Christine met en scène Arnie Cunningham -merveilleusement interprété par le jeune Keith Gordon que nous avons vu dans le Pulsions de Brian de Palma-, un adolescent timide et mal dans sa peau qui vit un véritable enfer au lycée puisqu'il est malmené à longueur de journée par une bande de petites teignes menée par l'impitoyable Buddy. Arnie n'a qu'un seul véritable ami, c'est Dennis (interprété par John Stockwell), qui s'avère être de surcroît son exact opposé: il est l'archétype du lycéen sportif et bien dans ses pompes, plutôt beau gosse et sollicité par les filles. Tout ce qu' Arnie n'est pas!

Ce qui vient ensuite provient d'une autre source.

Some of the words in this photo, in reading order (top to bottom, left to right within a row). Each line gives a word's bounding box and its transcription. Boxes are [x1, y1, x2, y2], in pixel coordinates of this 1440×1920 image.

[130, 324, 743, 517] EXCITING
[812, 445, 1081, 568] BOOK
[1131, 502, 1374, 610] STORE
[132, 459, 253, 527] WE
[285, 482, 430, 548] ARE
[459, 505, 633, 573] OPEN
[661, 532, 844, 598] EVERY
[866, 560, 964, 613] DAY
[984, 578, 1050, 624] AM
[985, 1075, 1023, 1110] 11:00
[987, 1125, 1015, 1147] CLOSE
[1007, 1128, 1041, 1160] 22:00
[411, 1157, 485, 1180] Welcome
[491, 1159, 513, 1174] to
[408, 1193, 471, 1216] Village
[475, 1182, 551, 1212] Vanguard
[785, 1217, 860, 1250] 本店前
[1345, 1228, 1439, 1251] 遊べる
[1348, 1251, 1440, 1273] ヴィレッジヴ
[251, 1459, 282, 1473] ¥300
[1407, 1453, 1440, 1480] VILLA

Mais un jour, tout bascule...Arnie flashe en apercevant la carcasse de Christine, une Plymouth Fury de 1958 qui trône à l’abandon dans le jardin d’un inquiétant garagiste, qui a d'ailleurs des tendances psychotiques. Et là, c’est le coup de foudre. Arnie devient obsédé par cette voiture et prend l’initiative de l’acheter pour la retaper et la rendre à nouveau flambant neuve. Et il y parvient: il transforme la vieille carcasse mécanique et rouillée en splendide voiture couleur rouge et ivoire qui attire les regards et qui, par son pouvoir démoniaque, subjugue l'esprit d'Arnie et exerce sur lui une emprise machiavélique... Car plus Arnie passe de temps avec Christine et plus sa personnalité change : de jeune timide et mal dans sa peau, Arnie se transforme en homme sûr de lui : il sort avec la jolie et naïve Leigh Cabot, une des plus belles filles du lycée qui a quand même refusé de sortir avec Dennis !

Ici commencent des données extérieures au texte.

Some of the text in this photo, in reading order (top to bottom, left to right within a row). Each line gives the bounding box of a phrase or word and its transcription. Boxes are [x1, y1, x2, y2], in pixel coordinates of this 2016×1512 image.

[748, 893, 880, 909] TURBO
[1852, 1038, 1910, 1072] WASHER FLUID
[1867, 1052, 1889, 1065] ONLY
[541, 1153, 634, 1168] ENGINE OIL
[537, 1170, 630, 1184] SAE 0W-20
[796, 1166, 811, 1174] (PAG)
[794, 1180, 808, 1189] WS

Christine est autant un film d’horreur qu’un « teenage movie » dans la mesure où ce qui intéresse John Carpenter, c’est ce douloureux passage de l’adolescence à l’âge adulte, où le jeune, en sortant de sa chrysalide, va devenir un personnage quasiment étranger aux yeux de ses proches, et notamment un étranger pour sa famille qui ne le reconnaît plus. Voir par exemple l’excellente scène du repas en famille où Arnie agresse physiquement son père, ce dont il aurait été incapable au début de l’intrigue..
John Carpenter -dont le génie dans la direction d'acteur est incontestable- va laisser Keith Gordon faire preuve d'improvisation dans une des scènes du film que je trouve les plus fortes émotionnellement (et il y en plusieurs!) : son personnage explose d'une rage soudaine suite à cette horrible découverte et il insulte sa petite amie ; son accès de rage est d'autant plus convaincant et réaliste lorsque nous voyons Leigh sursauter à l'écran et l'actrice Alexandra Paul a avoué qu'elle a réellement sursauter de peur, ne s'attendant pas à ce que Keith Gordon explose de la sorte – le parti-pris du cinéaste de conserver cette scène de sursaut à l'écran augure une séquence émotionnelle puissante et très réussie.

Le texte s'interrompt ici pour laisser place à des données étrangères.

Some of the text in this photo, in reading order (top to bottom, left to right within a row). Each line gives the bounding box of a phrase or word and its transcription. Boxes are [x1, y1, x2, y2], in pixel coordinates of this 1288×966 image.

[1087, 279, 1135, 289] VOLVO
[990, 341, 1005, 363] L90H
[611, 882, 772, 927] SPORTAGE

La séquence mettant en scène la « résurrection » de Christine fait partie de mes autres séquences cultes du film : dans une quasi obscurité, Arnie vient se placer face à la voiture, les phares de Christine éclairant son visage et mettant ainsi en lumière son regard empli de désir qu'on peut sans nul doute qualifié de « désir sexuel », et lui dit « Show me » : « montre moi », et dans une mise en scène que je juge la plus sensuelle du film, la voiture se répare lentement d'elle-même sous nos yeux de spectateurs stupéfaits, et sous celui ébahi d'Arnie – les trucages sont très simples puisque les plans où l'on voit les tôles de la voitures écrabouillées et ses verres brisés ont été simplement montés à l'envers, donnant l'illusion que Christine se répare d'elle-même. Effet simple et efficace à l'écran.
C'est le regard d'Arnie par rapport à la métamorphose progressive de la voiture qui nous fait prendre conscience que plus qu'une admiration, c'est un véritable amour qu'il voue à sa voiture et à aucun moment dans le film, il n'aura un tel regard pour sa petite amie.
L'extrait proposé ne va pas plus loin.